Updated, Monday, 10:30 am PT: SoundExchange has now added an additional, ‘official’ response following our conversation with CEO Micheal Huppe. See below.
At Canadian Music Week, SoundExchange’s CEO flatly denied rumors that his agency was planning to acquire Canadian rights group CMRRA. But he left the door open to other acquisitions and partnerships, some possibly mid-negotiation.
But wait: what’s CMRRA?
Actually, before we got tipped off to an acquisition rumor involving CMRRA, we’d actually never heard of the company. But CMRRA — which stands for the Canadian Musical Reproduction Rights Agency — is a major rights administrator in the country. They specialize in administering different types of ‘mechanical licenses,’ which include reproduction rights for a broad range of physical, download, streaming, and broadcast uses.
That makes it a plausible acquisition target for SoundExchange, whose focus is non-interactive digital performance recording royalties.
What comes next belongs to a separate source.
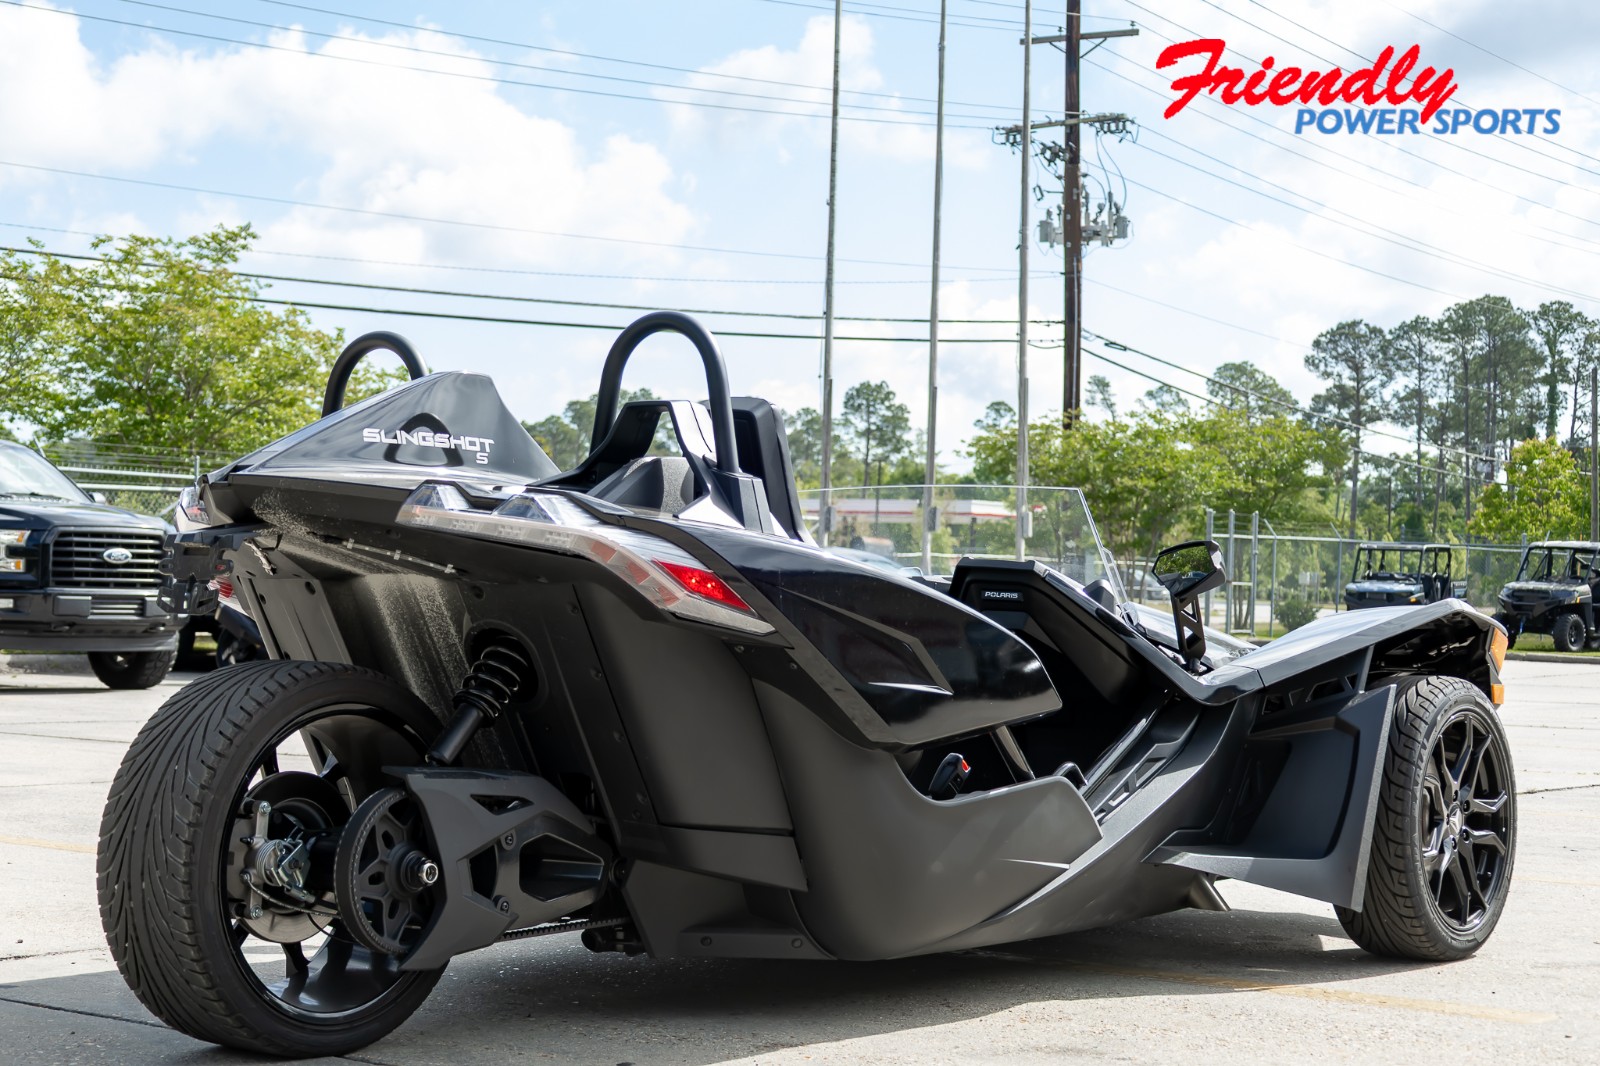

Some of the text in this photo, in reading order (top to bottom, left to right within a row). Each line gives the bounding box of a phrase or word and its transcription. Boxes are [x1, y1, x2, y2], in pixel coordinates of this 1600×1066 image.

[362, 427, 495, 453] SLINGSHOT
[475, 452, 489, 465] S
[984, 591, 1018, 599] POLARIS
A vast majority of SoundExchange’s collections come from Pandora and SiriusXM plays in the United States, and that’s about it.
Enter Michael Huppe, president and CEO of the non-profit digital agency, who was touting some serious payout accomplishments at Canadian Music Week in Toronto on Friday. That is, nearly $900 million in non-interactive distributions in 2016 alone, thanks partly to increased artist registrations. But it’s not clear that number will keep increasing.
Perhaps for that reason, Huppe (whose last name ‘rhymes with puppy’), told Digital Music News that SoundExchange ‘is talking to everyone,’ which probably includes the gamut of Canadian rights licensing groups (all of whom were pretty much at CMW). But when it comes to a possible bid to buy CMRRA, Huppe had a quick response to Digital Music News: ‘No’.
But why would SoundExchange be ‘talking to everyone,’ anyway?
That’s partly the focus of our next bombshell article. So stay tuned. But it seems that some major changes are afoot at SoundExchange, with Pandora a critical part of the shifting picture. All of which impacts musicians just as much as it impacts SoundExchange and its long-term growth strategy.
Updated: After Huppe’s denial, SoundExchange has now issued an ‘official statement’ on the matter. Here it is:
“SoundExchange regularly evaluates opportunities to expand our service to the industry. As a matter of course, we do not discuss, confirm or deny any specific initiatives before reaching a conclusion.”